Сама Рут Брандт вспоминала: «С Брежневым мне было легко. Он был обаятельным человеком, обладал чувством юмора, имел импульсивный характер, и его легко можно было растрогать до слез». А историю полученного ею «непротокольного» поцелуя госпожа Брандт передавала так. Во время переговоров Леонид Ильич неожиданно попросил разрешения побеседовать с ней наедине. «Мы присели на диван, — писала она. — Я думала, что он хочет сказать мне что-нибудь важное, сокровенное, но когда переводчик стал переводить, то это оказались лишь несколько забавных анекдотов.
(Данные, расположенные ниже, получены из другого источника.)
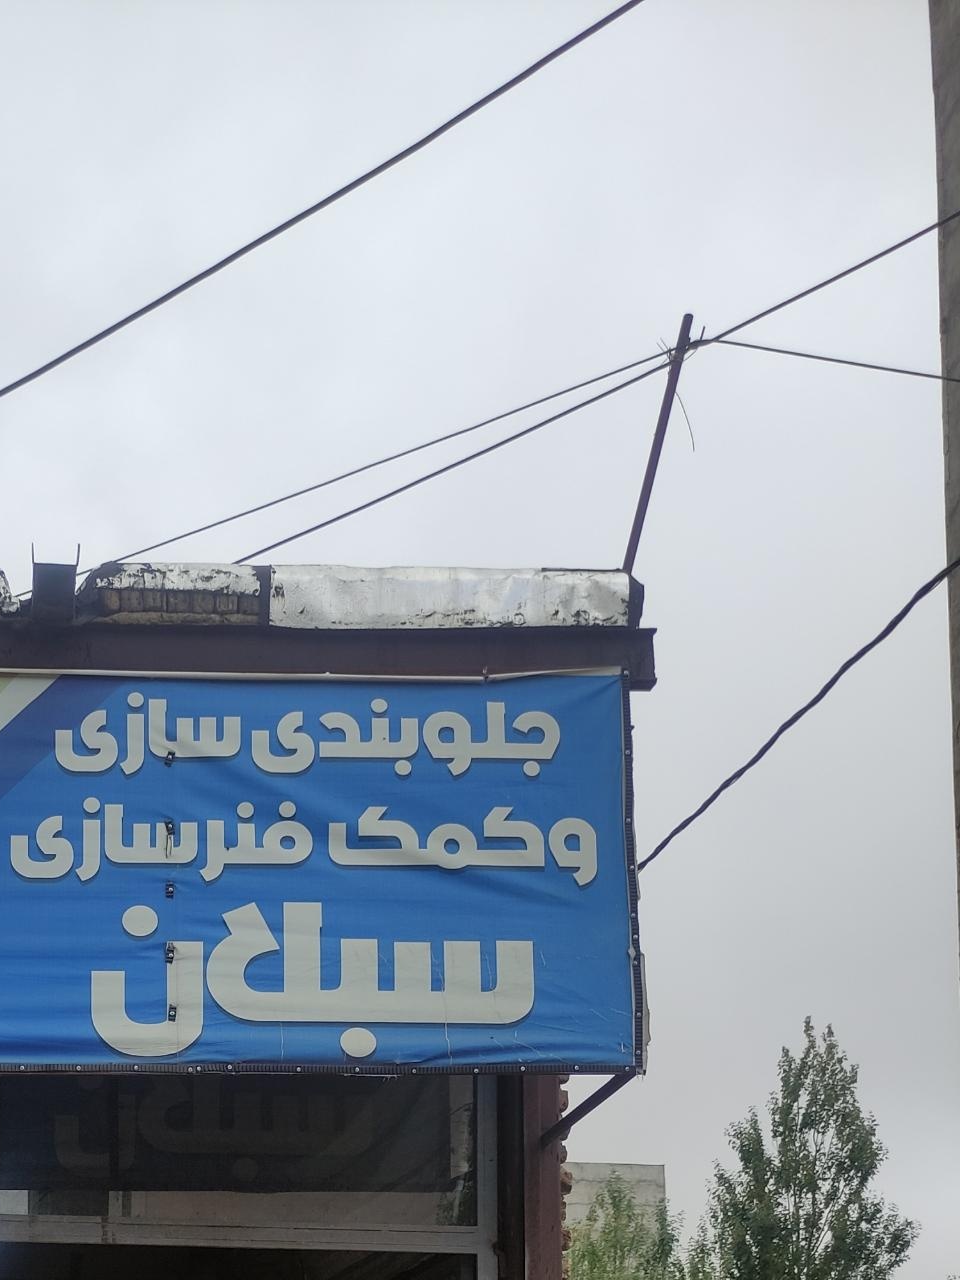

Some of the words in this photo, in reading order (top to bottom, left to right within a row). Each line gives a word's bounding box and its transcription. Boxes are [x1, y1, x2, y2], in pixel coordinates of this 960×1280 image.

[54, 692, 242, 775] سازی
[251, 698, 561, 776] جلوبندی
[90, 902, 536, 1057] سبلان
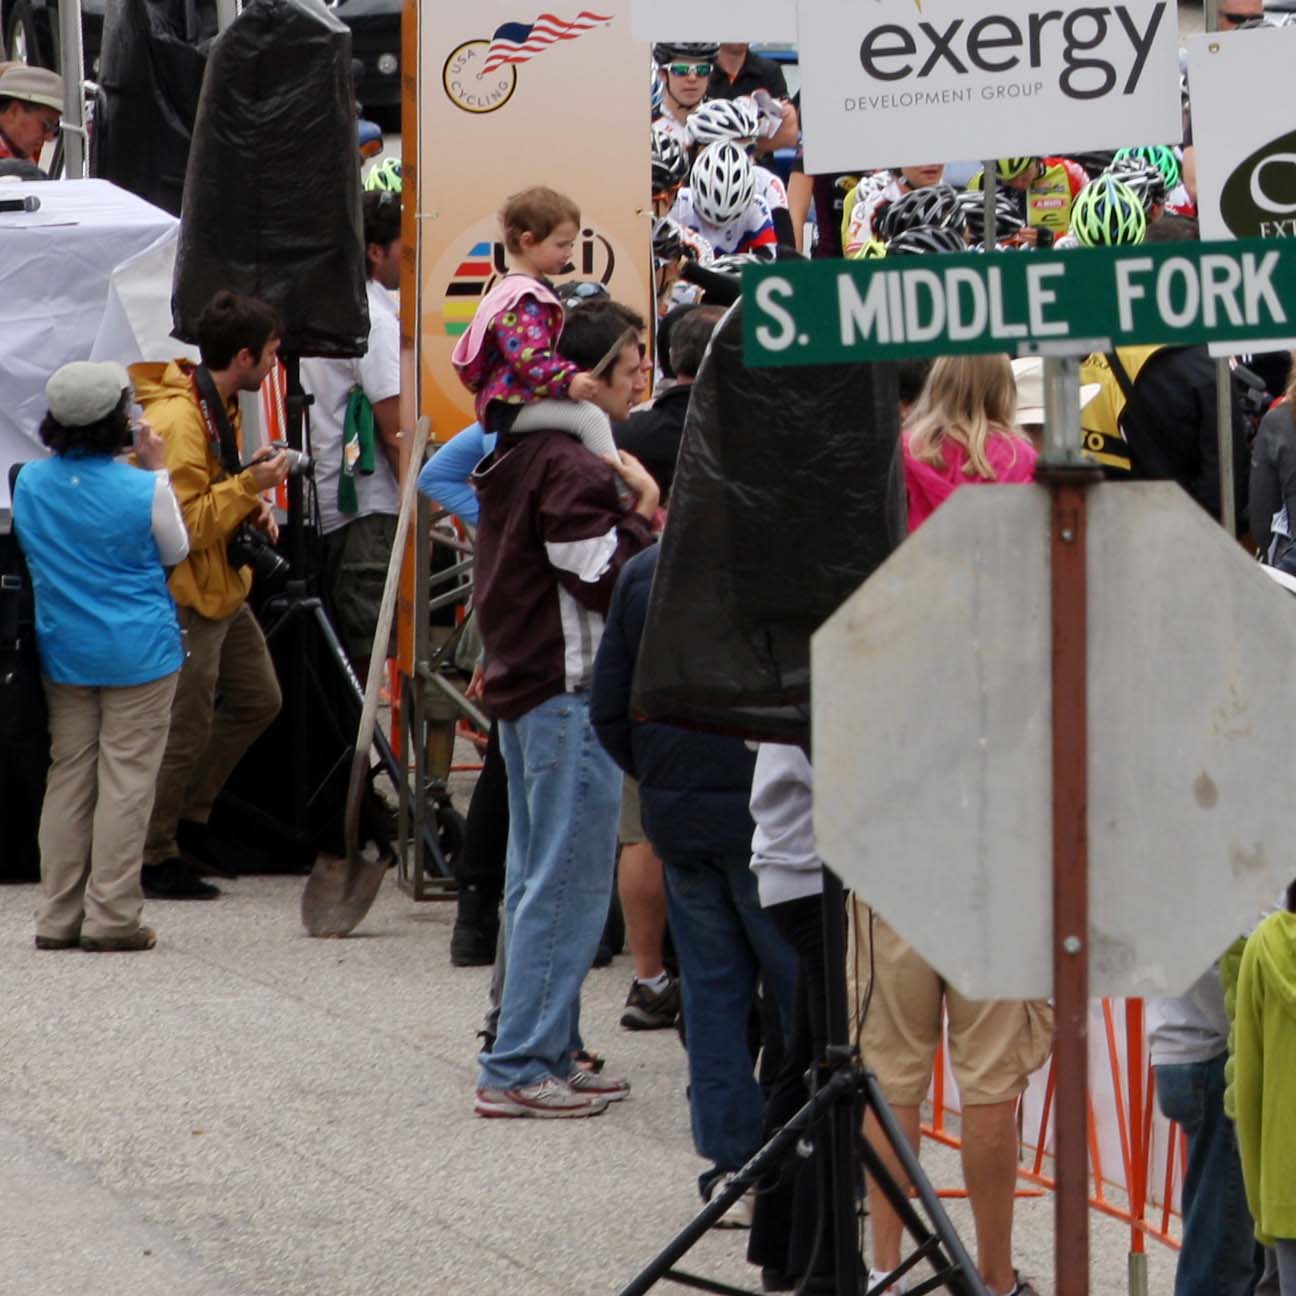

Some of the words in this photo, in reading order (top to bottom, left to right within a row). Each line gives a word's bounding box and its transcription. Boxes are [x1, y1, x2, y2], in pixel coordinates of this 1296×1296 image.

[451, 48, 477, 75] USA
[858, 0, 1167, 101] exergy
[450, 80, 509, 107] CYCLING
[843, 87, 974, 112] DEVELOPMENT
[980, 81, 1045, 103] GROUP
[755, 274, 811, 352] S.
[839, 261, 1070, 344] MIDDLE
[1115, 252, 1289, 333] FORK
Брежнев взял меня за руку, улыбнулся, поднял свои густые темные брови и с вожделением посмотрел на меня. Плутишка! Было заметно, как он старался произвести впечатление, и я решила подыграть ему…»

Когда в июле 1975 года супруги Брандт совершали ответный визит в советскую столицу, Брежнев приветствовал их, картинно распахнув руки в широких объятиях, и полушутливо воскликнул:

— Фрау Брандт, я готов положить к вашим ногам всю Москву!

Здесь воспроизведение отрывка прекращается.